Trump administration spinmeisters, Fox News bloviators, and other members of the chattering classes like to blame anti-racism demonstrations and other disruptions on “the left,” usually amplified with adjectives such as “the far left’ and “the radical left.”

They might as well blame unicorns or Sasquatch. The fact is, there is no “left” in this country and there hasn’t been since at least the 1930s.

While progressive ideas like universal health care, higher education for all, and reducing income inequality may seem quite radical in this country, they are decidedly mainstream, and in the political center, in most of the industrialized world.

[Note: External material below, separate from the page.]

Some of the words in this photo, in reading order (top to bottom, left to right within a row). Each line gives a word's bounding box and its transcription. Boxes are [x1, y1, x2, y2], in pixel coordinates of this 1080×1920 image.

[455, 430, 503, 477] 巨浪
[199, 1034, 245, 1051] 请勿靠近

In fact, they aren’t even new ideas.

The first nationwide social insurance program, including old-age pensions, worker’s compensation for people injured on the job, and unemployment compensation, was introduced in 1883 – in very conservative imperial Germany under Chancellor Otto von Bismarck and Kaiser Wilhelm I.

We are the ones behind the curve on this.

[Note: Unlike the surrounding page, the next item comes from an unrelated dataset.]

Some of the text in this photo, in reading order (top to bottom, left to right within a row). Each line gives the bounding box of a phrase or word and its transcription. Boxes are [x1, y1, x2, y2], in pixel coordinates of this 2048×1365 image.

Terms like “right” and “left” are tossed around in a false equivalency so that one would think the American political spectrum is a neat, symmetrical, bell-shaped curve, with most people in the middle and fewer and fewer out at the extremes on both sides.

This results in what Nobel Prize-winning economist and New York Times columnist Paul Krugman calls “whataboutism.” This is the notion in American journalism and political discourse that both sides of an issue have equal merit. Even if one side is lying or denying what is obvious.

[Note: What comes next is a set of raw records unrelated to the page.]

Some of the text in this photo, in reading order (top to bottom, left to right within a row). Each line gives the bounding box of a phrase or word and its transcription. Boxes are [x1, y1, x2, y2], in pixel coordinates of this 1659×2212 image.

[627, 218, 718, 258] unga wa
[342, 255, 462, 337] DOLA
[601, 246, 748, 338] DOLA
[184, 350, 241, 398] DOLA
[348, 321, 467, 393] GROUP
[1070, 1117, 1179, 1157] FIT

What we really have in this country is a political spectrum that is heavily skewed to the dishonest right. The left side of the curve is severely truncated close to the center while the right extends out into space.

Does any of this matter? Of course it does. This is part of an on-going campaign by Trump and his Republican enablers to stoke fear of “The Other,” whomever that might be.

Refugees fleeing violence in Central America? “An invasion of our country by drug gangs and rapists.”

People demonstrating against police violence? “Riots organized by radical leftists.”

QAnon, the Deep State, “the-Sandy-Hook-massacre-was-staged-to-take-your-guns” all create alternative realities that too many people actually believe.

Whipping up hysteria against “The Other” worked for Joseph Goebbels in Germany in the 1930s, and it works for Trump and his enablers today. How else to explain the fact that white working-class people have been voting against their own interests for years. The simple GOP strategy is: “Keep ’em distracted with nonsense while we’re picking their pockets.”

In our present weird state of national politics, if many people believe that a mythical “radical left” is causing all the nation’s problems, what other fairy tales might they believe? That COVID-19 is a hoax? That voting by mail is rife with fraud (even though it’s been done successfully since the Civil War)? That Hillary Clinton is running a child-sex-trafficking ring out of the basement of a pizza joint in Washington?

Yes. All this and more. Conspiracy theories like QAnon and the “Deep State” are tossed around in the halls of Congress, presidential tweets, and the right-wing media as if they were true.

The fact that they exist only on extremist internet sites just seems to reinforce their appeal.

I don’t have a solution for this problem. We can only hope for a blue tidal wave on Nov. 3 to get rid of Trump and as many Republicans as possible up and down the ballot. That will be just the first step to returning this country to something resembling normal.